At first I think, if he had been here, he would know, or some snarky thing like that. But then I hear the words tripping haltingly from my mouth. A difficult beginning, just like our son's. Just like us now. But the intensity of his gaze, of the way he seems suspended, awaiting my words, like the desert, that first drop of life giving rain, gives me all I need to move forward.

'He came a month early," I hear myself tell him. The words slipping off my tongue like a knife from a wound. "Impossibly small but perfect. Perfect in every way a new baby can be to a new mother. But almost right away he started turning blue and the doctors rushed him away. I was never so terrified. Later they came and told me he had a... a problem with his heart. There was a hole. A small one. But just enough that he would need surgery."

Prince covers his face with his hands, rubbing his forehead with his fingertips as if he were trying to scrub something away. Silent, his thoughts unreadable, he breathes roughly behind his fingers while I'm ripped wide open again just by speaking of it. I could tell him and tell him but he could never fully comprehend what I went through in those first few days. Days that are suppose to be filled with the joys of becoming a new parent, spent watching my tiny son cling to life beneath a snarl of tubes and wires. This is what I think of when things get particularly bad.
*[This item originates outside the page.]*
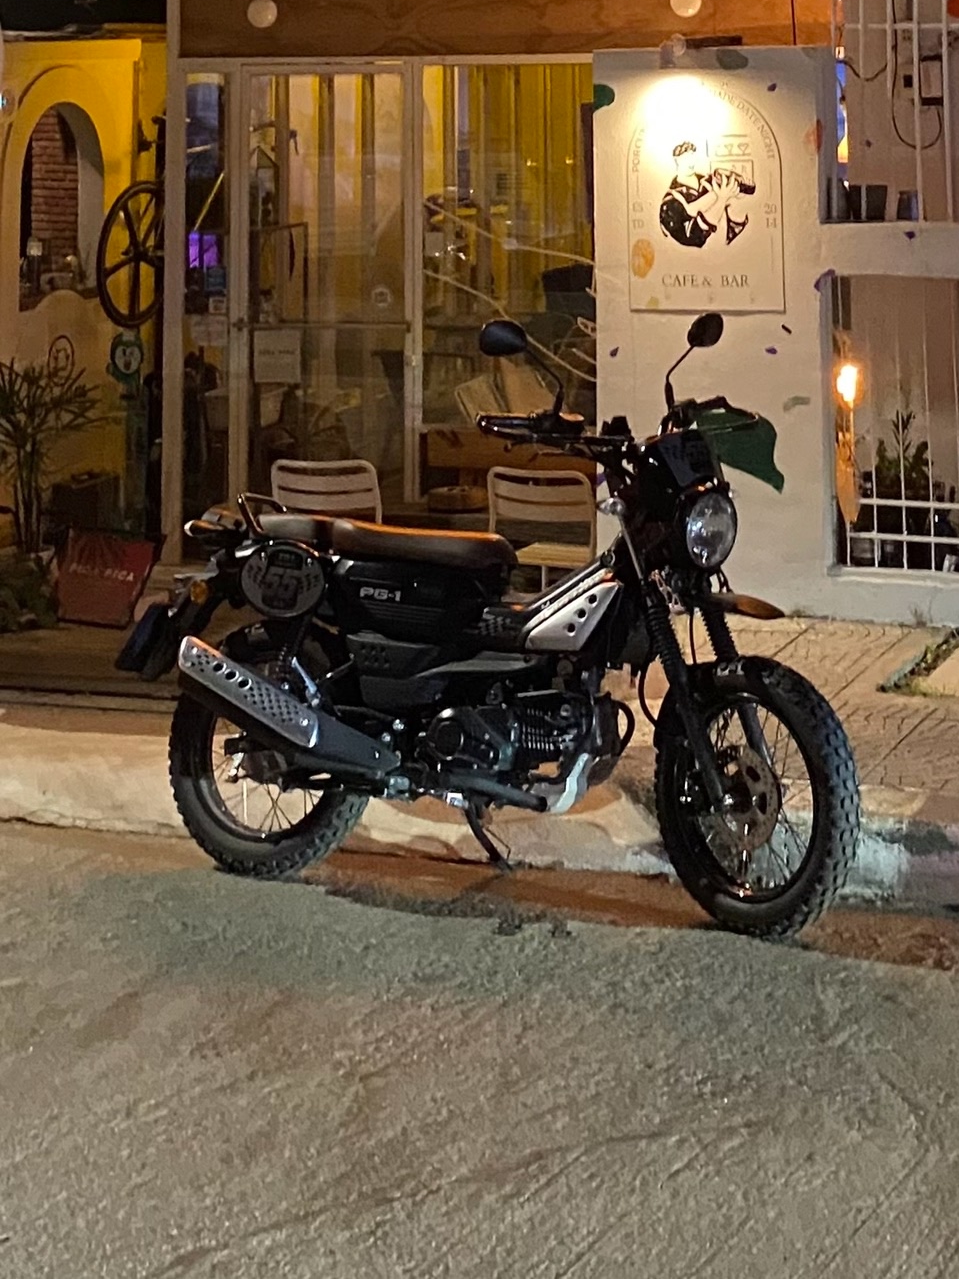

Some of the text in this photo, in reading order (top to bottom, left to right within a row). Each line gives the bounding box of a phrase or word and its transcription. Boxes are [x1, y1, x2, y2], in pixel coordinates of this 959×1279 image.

[661, 274, 749, 288] CAFE & BAR
[360, 586, 402, 602] PG-1
It is a miracle that he is here at all.

"Jesus... Emerson..." He says, his voice low and painful as if there were glass in his throat.

"This isn't what you wanted to hear is It?" I snap, my nerves poking like quills at the underside of my skin, bristly and sharp. "I'm sure you want all bright, shiny tales of milestones reached and first words spoken. But it ain't like that with Edyn. Nothing is easy and nothing ever will be."

"I want to know it all," he says, calmly, quietly. Perhaps as he would speak to a reporter or a record company exec. who doesn't quite see the big picture. "The good and the bad." He peers at me through his fingers and then lowers his hands. "It doesn't have to be easy but I'm here now and we'll get through it together.

Together? Really? This almost makes me laugh. I turn away and take a seat on the bed, my back to him where I can't see the guilt in his eyes or he, the pain in mine.